Once launched into conversation, we went on pretty glibly. I fancy he
had been afraid of beginning to speak to me, just as I was to him; but he
got over his shyness with me sooner than I did mine with him. I let him
choose the subjects of conversation, although very often I could not
understand the points of interest in them: for instance, he talked for
more than a quarter of an hour of a famous race which a certain dog-fox
had given him, above thirty years before; and spoke of all the covers and
turns just as if I knew them as well as he did; and all the time I was
wondering what kind of an animal a dog-fox might be.

After we loft the Chase, the road grew worse. No one in these days, who
has not seen the byroads of fifty years ago, can imagine what they were.
We had to quarter, as Randal called it, nearly all the way along the deep-
rutted, miry lanes; and the tremendous jolts I occasionally met with made
my seat in the gig so unsteady that I could not look about me at all, I
was so much occupied in holding on. The road was too muddy for me to
walk without dirtying myself more than I liked to do, just before my
first sight of my Lady Ludlow. But by-and-by, when we came to the fields
in which the lane ended, I begged Randal to help me down, as I saw that I
could pick my steps among the pasture grass without making myself unfit
to be seen; and Randal, out of pity for his steaming horse, wearied with
the hard struggle through the mud, thanked me kindly, and helped me down
with a springing jump.

The pastures fell gradually down to the lower land, shut in on either
side by rows of high elms, as if there had been a wide grand avenue here
in former times. Down the grassy gorge we went, seeing the sunset sky at
the end of the shadowed descent. Suddenly we came to a long flight of
steps.

"If you'll run down there, Miss, I'll go round and meet you, and then
you'd better mount again, for my lady will like to see you drive up to
the house."

"Are we near the house?" said I, suddenly checked by the idea.

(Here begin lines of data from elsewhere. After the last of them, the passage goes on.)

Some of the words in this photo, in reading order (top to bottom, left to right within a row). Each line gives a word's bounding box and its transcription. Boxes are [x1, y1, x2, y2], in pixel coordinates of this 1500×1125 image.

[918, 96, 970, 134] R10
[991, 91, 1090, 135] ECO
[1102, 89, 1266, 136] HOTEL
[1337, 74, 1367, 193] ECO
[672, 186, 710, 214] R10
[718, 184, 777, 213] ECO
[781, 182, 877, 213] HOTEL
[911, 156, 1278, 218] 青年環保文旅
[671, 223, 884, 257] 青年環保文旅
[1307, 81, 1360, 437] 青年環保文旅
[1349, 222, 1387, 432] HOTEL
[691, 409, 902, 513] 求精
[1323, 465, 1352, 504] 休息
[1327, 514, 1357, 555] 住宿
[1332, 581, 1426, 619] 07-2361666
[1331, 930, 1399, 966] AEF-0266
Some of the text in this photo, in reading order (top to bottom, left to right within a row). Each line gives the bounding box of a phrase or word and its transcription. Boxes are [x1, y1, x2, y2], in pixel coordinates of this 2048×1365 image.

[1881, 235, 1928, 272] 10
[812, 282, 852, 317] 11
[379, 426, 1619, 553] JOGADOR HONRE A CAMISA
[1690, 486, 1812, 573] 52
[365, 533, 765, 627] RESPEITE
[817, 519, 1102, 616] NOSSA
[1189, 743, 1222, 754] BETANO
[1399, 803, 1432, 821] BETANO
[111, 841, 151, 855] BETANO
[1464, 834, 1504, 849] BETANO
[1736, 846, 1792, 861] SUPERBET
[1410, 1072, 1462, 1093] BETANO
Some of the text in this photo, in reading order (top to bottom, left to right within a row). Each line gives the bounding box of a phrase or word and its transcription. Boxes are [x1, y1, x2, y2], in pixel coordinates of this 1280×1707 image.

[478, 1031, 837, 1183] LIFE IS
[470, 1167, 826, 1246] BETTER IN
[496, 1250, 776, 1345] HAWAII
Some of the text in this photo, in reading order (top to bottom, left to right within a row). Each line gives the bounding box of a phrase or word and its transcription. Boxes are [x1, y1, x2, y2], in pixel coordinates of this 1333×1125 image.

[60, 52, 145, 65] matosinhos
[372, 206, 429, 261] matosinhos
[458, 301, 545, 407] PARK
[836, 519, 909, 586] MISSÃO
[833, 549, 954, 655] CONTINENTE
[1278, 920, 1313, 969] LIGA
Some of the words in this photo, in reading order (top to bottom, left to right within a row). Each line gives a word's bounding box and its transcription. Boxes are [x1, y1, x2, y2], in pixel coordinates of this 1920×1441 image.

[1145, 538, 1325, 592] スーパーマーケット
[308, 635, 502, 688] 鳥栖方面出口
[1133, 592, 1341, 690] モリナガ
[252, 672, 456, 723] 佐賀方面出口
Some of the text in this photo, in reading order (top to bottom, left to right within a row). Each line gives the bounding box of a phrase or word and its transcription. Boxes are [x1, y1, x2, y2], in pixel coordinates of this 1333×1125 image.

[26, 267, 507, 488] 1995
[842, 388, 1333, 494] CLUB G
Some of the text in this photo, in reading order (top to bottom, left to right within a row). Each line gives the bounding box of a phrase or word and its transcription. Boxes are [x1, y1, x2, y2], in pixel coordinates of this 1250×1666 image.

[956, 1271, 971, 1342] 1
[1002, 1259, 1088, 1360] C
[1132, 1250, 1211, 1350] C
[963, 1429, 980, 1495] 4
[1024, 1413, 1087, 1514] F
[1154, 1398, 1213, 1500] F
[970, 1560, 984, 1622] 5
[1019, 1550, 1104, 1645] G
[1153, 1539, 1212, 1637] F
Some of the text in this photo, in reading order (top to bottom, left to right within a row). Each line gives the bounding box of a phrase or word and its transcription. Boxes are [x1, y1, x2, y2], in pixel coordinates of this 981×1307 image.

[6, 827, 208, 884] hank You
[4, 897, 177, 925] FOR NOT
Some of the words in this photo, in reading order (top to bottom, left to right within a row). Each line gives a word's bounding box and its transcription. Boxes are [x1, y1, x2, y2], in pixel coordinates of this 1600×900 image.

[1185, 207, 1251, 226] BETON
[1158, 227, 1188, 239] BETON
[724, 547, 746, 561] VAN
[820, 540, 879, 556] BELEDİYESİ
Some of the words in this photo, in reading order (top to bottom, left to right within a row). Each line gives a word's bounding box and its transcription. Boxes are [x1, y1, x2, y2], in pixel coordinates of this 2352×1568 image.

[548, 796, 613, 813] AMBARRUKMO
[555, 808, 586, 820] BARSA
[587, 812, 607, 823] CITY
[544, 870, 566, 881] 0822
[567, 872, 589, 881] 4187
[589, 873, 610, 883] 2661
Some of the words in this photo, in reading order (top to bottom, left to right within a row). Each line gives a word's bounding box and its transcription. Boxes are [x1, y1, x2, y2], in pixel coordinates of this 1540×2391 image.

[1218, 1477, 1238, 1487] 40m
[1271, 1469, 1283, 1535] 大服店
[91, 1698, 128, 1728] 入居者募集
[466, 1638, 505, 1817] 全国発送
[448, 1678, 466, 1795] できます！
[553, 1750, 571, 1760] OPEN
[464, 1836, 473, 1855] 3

"Down there, Miss," replied he, pointing with his whip to certain stacks
of twisted chimneys rising out of a group of trees, in deep shadow
against the crimson light, and which lay just beyond a great square lawn
at the base of the steep slope of a hundred yards, on the edge of which
we stood.

I went down the steps quietly enough. I met Randal and the gig at the
bottom; and, falling into a side road to the left, we drove sedately
round, through the gateway, and into the great court in front of the
house.

The road by which we had come lay right at the back.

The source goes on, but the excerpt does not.